Dans ces circonstances et dans le cadre d’une politique d’immigration volontariste, les Italiens ne sont pas les plus courtisés.
Les conditions de séjour : législation et difficultés sociales
la « composante territoriale ou géographique » codifiant la liberté d’aller et venir, l’article 48 du traité de Rome ajoute une « composante professionnelle » et « une composante sociale »100 qui modifient substantiellement les conditions de travail et de séjour des travailleurs communautaires101.

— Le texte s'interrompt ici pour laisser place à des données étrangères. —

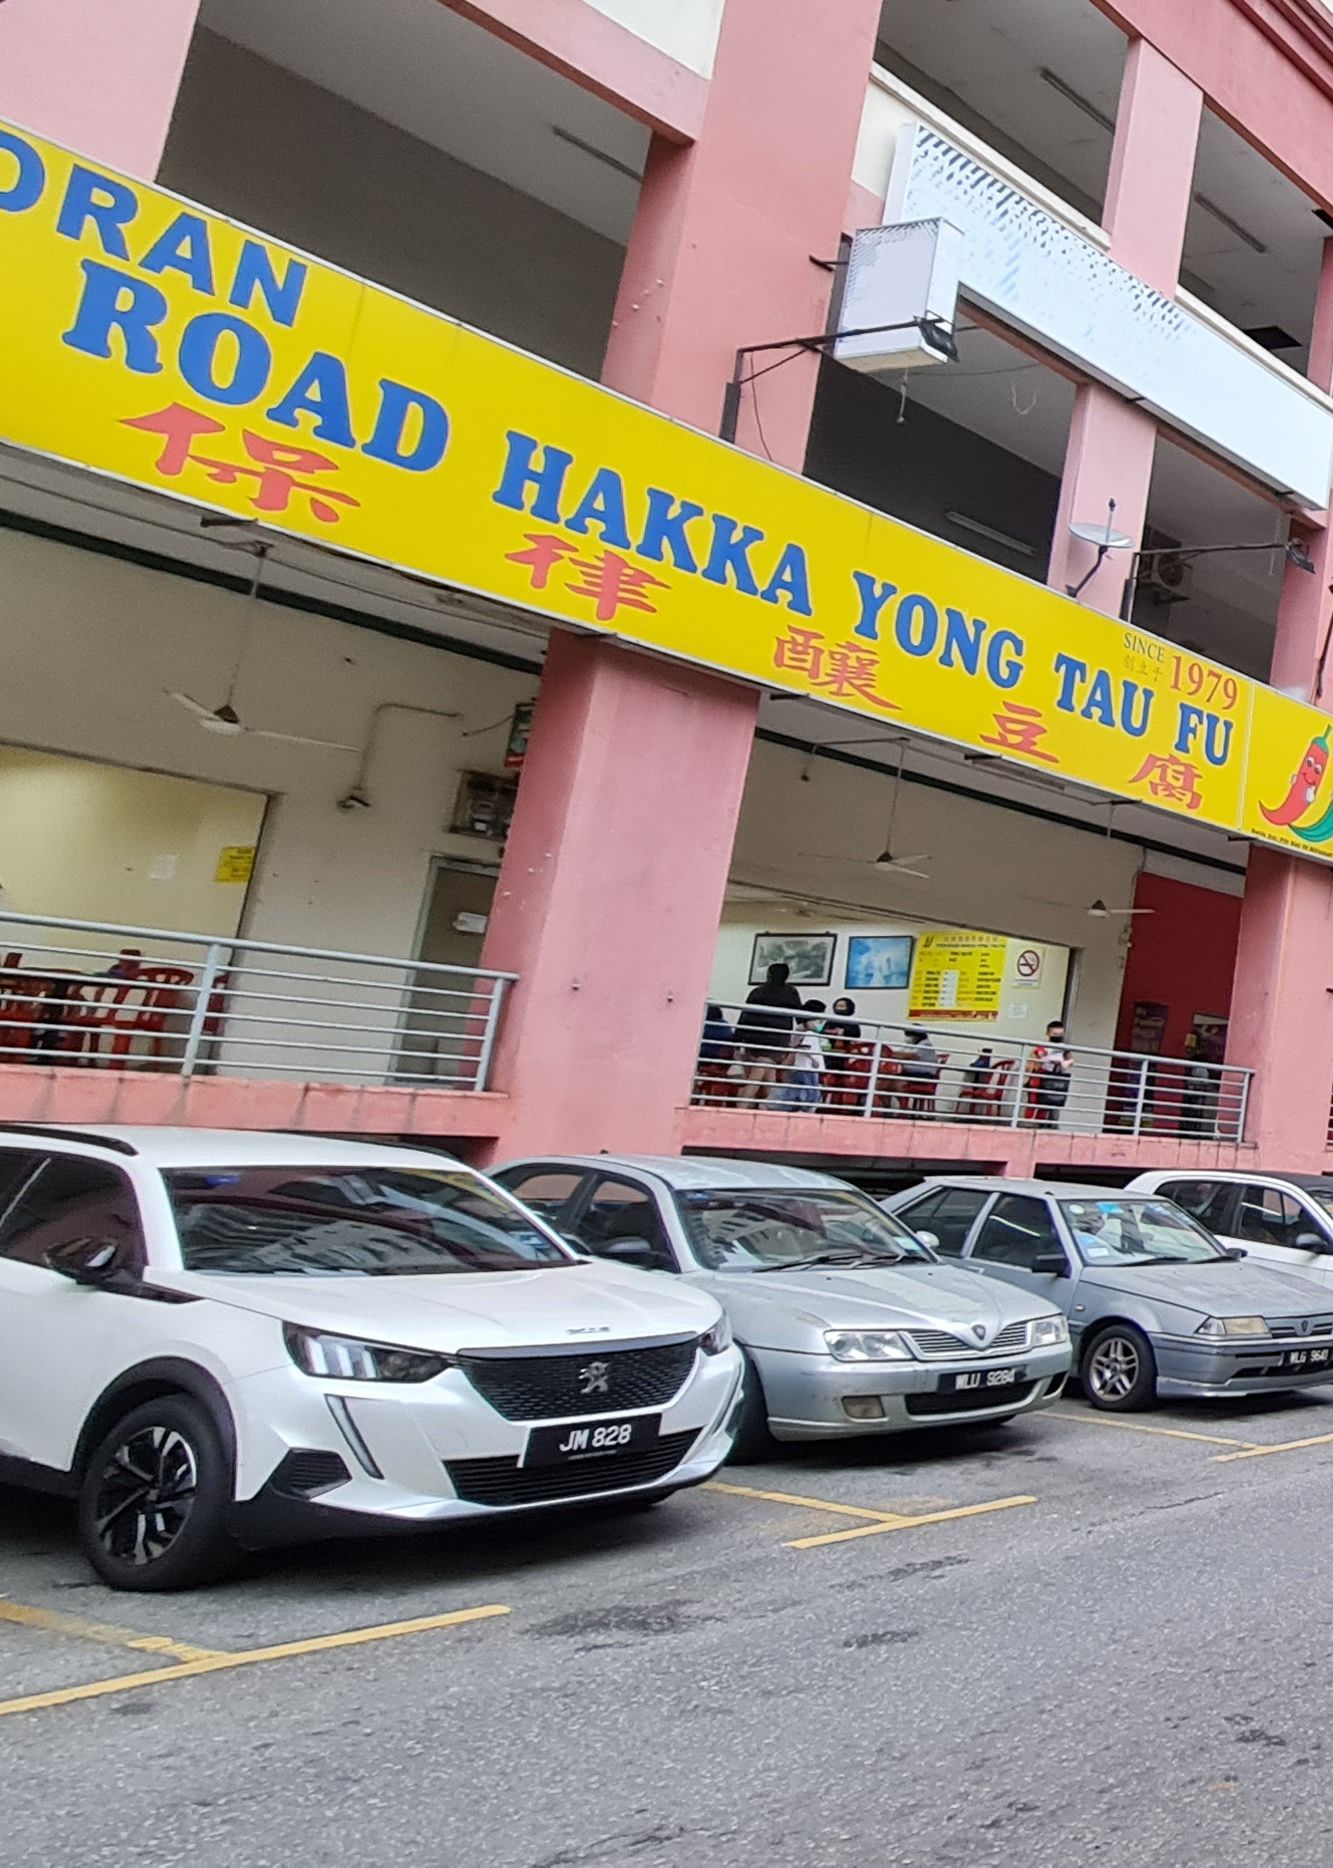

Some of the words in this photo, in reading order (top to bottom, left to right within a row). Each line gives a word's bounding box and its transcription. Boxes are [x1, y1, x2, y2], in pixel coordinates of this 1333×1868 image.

[62, 258, 450, 472] ROAD
[491, 430, 812, 617] HAKKA
[852, 570, 1024, 688] YONG
[1054, 653, 1155, 737] TAU
[1174, 702, 1235, 766] FU
[1123, 632, 1165, 663] SINCE
[1170, 655, 1238, 711] 1979
[955, 1372, 980, 1391] WLU
[986, 1368, 1016, 1386] 9284
[559, 1429, 590, 1452] JM
[592, 1423, 632, 1448] 828
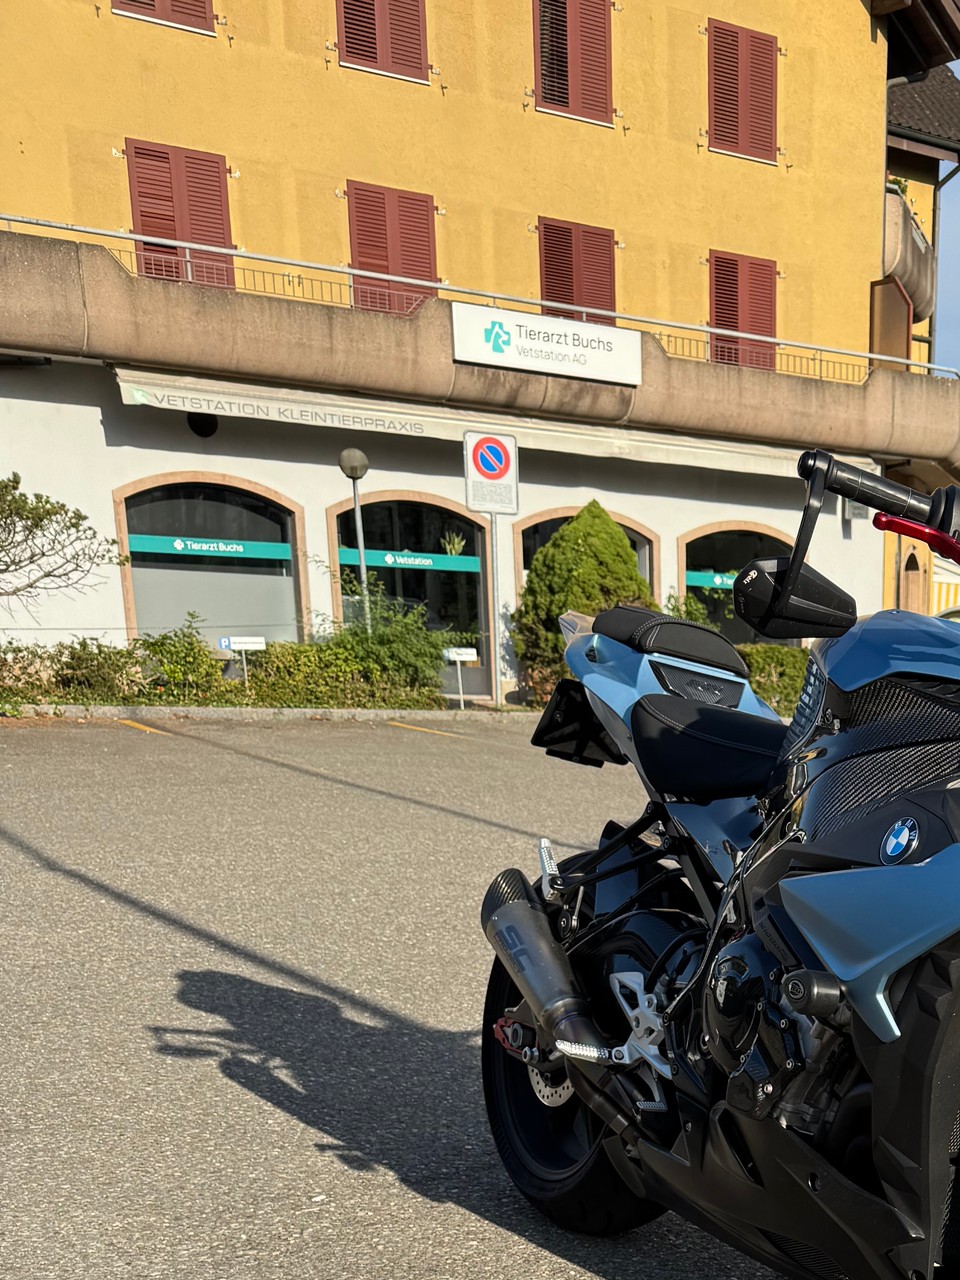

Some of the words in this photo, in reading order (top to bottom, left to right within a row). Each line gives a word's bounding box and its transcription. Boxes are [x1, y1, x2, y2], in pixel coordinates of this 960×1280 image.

[516, 323, 569, 347] Tierarzt
[572, 333, 613, 352] Buchs
[516, 344, 571, 364] Vetstation
[572, 353, 587, 366] AG
[154, 392, 270, 418] VETSTATION
[278, 407, 425, 434] KLEINTIERPRAXIS
[186, 540, 218, 552] Tierarzt
[219, 542, 244, 552] Buchs
[395, 555, 433, 566] Vetstation
[894, 818, 917, 840] BMW
[500, 924, 536, 972] SC

L’article 48 interdit toutes discriminations nationales à l’embauche. Il prévoit d’autre part la liberté de séjour et de résidence pour postuler et exercer un emploi, ce qui conduit à une révision de la législation française élaborée au lendemain de la guerre.
La législation française
Cette législation s’est appliquée à l’immense majorité des Italiens présents en France à la fin des années 1960 dont les conditions de séjour et de travail sont régies par l’ordonnance du 2 novembre 1945, celle-là même qui crée l’ONI102.
L’ordonnance prévoit la délivrance d’une carte de résident temporaire valable un an à tout étranger qui le demande, et qui est en mesure de faire la preuve de ses ressources. Au terme d’une période de neuf mois, il est possible de renouveler cette carte ou de faire une demande pour l’obtention d’une carte de résident ordinaire valable trois ans. Enfin, le texte prévoit la possibilité d’obtenir une carte de résident privilégié valable dix ans et renouvelable de plein droit.103 Toutefois, « il est souvent plus difficile de devenir résident privilégié que de se faire naturaliser »104.
C’est en distinguant la délivrance des cartes de séjour de celle des cartes de travail, soumises à des contraintes plus lourdes, que le gouvernement français marque les limites de sa libéralité en matière de politique d’immigration et démontre, une fois encore, son souci d’établir un contrôle drastique. La carte de travail n’est, en effet, délivrée que sur présentation d’un contrat. Elle n’est tout d’abord que temporaire et valable seulement pour une profession et souvent pour un seul département. Son renouvellement ou sa transformation en carte de travail ordinaire, valable trois ans pour une profession dans un ou plusieurs départements, dépend des fluctuations du marché de l’emploi.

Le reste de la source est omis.